Stroke Made Simple

Importance


Anyone can have a stroke, including babies and children, but the vast majority (90%) of strokes affect people aged over 55. Each year over 150,000 people in the UK have a stroke. Stroke is the third most common cause of death, after heart disease and cancer (11% of all deaths). Stroke is the largest single cause of severe adult disability in developed countries and is very expensive as patients need prolonged rehabilitation and, sometimes, care for life. Half a million people in the UK are living with long-term disability as a result of stroke. Managing stroke in a stroke unit (multidisciplinary, coordinated care) produces marked benefit.


Definitions


A stroke is defined as ‘rapidly developing clinical signs of focal disturbance of cerebral function, with symptoms lasting 24 h or longer or leading to death, with no apparent cause other than of vascular origin’. This includes subarachnoid haemorrhage (SAH) but excludes subdural haematoma and haemorrhage into a tumour. By definition, a transient ischaemic attack (TIA) lasts less than 24 h, so TIAs are classified separately, but the causes of TIA and stroke are very similar. TIAs are a risk factor for stroke. The term ‘stroke’ is now used in preference to cerebrovascular accident (CVA).


Outcome of Stroke


The outcome of a stroke (Table 7.1) depends on the aetiology, volume and part of the brain that is affected, the age and fitness of the patient and co-morbidities. You will see a range of figures for outcome, depending on the population in the study. The case fatality rate has fallen steadily since the 1980s but it remains higher in women and for haemorrhagic stroke.
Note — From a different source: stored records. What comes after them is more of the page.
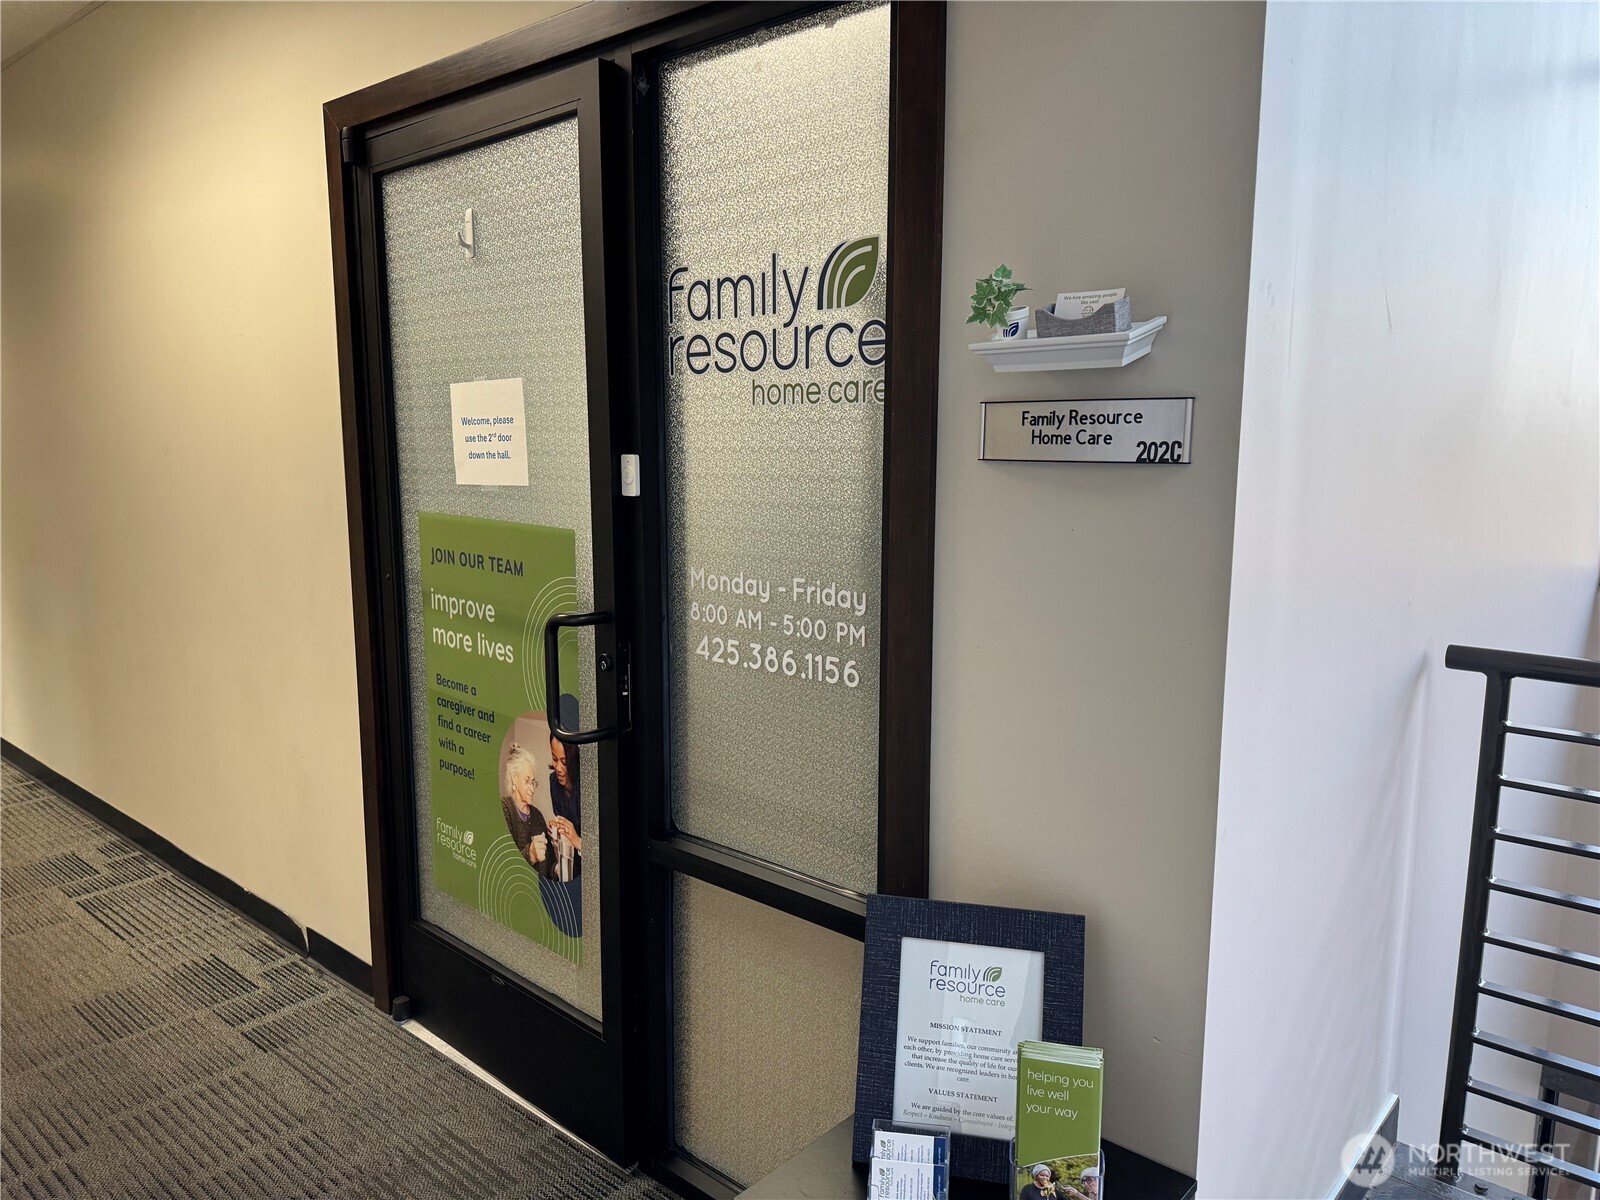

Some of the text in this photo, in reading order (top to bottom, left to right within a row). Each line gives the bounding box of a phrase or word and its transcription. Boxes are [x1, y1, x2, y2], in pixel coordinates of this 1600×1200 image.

[668, 252, 808, 328] family
[669, 319, 886, 376] resource
[752, 380, 885, 405] home care
[461, 416, 514, 426] Welcome, please
[1022, 409, 1144, 430] Family Resource
[477, 434, 487, 442] the
[498, 432, 512, 441] door
[1032, 429, 1112, 445] Home Care
[468, 451, 511, 459] down the hall.
[1136, 440, 1182, 463] 202C
[431, 547, 524, 577] JOIN OUR TEAM
[690, 566, 770, 603] Monday
[793, 578, 866, 616] Friday
[430, 588, 495, 623] improve
[690, 602, 727, 625] 8:00
[736, 608, 762, 630] AM
[783, 615, 826, 640] 5:00
[836, 622, 865, 647] PM
[433, 627, 513, 663] more lives
[696, 636, 860, 687] 425.386.1156
[436, 673, 476, 696] Become a
[437, 697, 494, 723] caregiver and
[438, 714, 491, 743] find a career
[439, 737, 464, 755] with a
[440, 759, 474, 780] purpose!
[436, 818, 463, 843] family
[437, 833, 476, 860] resource
[930, 960, 981, 983] family
[930, 977, 1005, 997] resource
[960, 994, 1005, 1007] home care
[930, 1022, 1002, 1036] MISSION STATEMENT
[917, 1046, 934, 1054] other,
[944, 1049, 972, 1059] providing
[919, 1038, 940, 1046] support
[941, 1040, 965, 1049] families,
[978, 1046, 1011, 1055] community
[924, 1054, 947, 1062] increase
[958, 1060, 979, 1068] quality
[987, 1061, 996, 1069] life
[946, 1067, 978, 1076] recognized
[979, 1070, 1000, 1079] leaders
[1027, 1068, 1094, 1089] helping you
[928, 1088, 998, 1103] VALUES STATEMENT
[1027, 1084, 1069, 1101] live well
[903, 1109, 922, 1118] Respect
[929, 1113, 952, 1121] Kindness
[998, 1122, 1015, 1131] Integr
[932, 1106, 952, 1114] guided
[1026, 1103, 1078, 1120] your way
Table 7.1 Outcome of stroke

















































Outcome Percentage
1-month mortality (UK) 15–20
• ischaemic 10
• haemorrhagic 50
1-year mortality of survivors 25
Around 3 months:
Dead 15
Full or almost full recovery 10
Minor impairment 25
Moderate to severe impairment (need significant help) 40
Long-term high-dependency care 10
Further stroke in the first year 15
Return to work if previously working 35
Unable to walk unaided 20
Unable to walk outdoors 40

Aetiology and Pathology


A stroke results from interruption to the brain’s blood supply due to an infarct or a haemorrhage. An infarct is an area of ischaemia, usually due to thrombosis in situ or an embolus from the carotids or heart but occasionally due to low BP from any cause or damage to the blood vessel wall with dissection. A primary haemorrhage may be due to an arterial abnormality, such as an aneurysm, but most infarcts and bleeds occur in vessels damaged by hypertension and atheroma. Cerebral amyloid angiopathy (see Chapter 4) is increasingly recognized as a cause of lobar intracerebral haemorrhage (ICH) in elderly patients. T2*-weighted MRI demonstrating chronic cerebral microbleeding at the white/grey matter junction supports this diagnosis. Secondary bleeding may occur in an area of brain damaged by an infarct. The proportions of the types of stroke vary in different countries: in the UK atherothrombotic strokes comprise 85% of cases whereas in Japan haemorrhagic strokes are much more common. The biggest risk factor for stroke is increasing age. AfroCaribbean and SE Asian ethnicity and apolipoprotein E ε2 or ε4 carriage (for ICH) also increase risk, but it is more useful to consider risk factors that can be modified.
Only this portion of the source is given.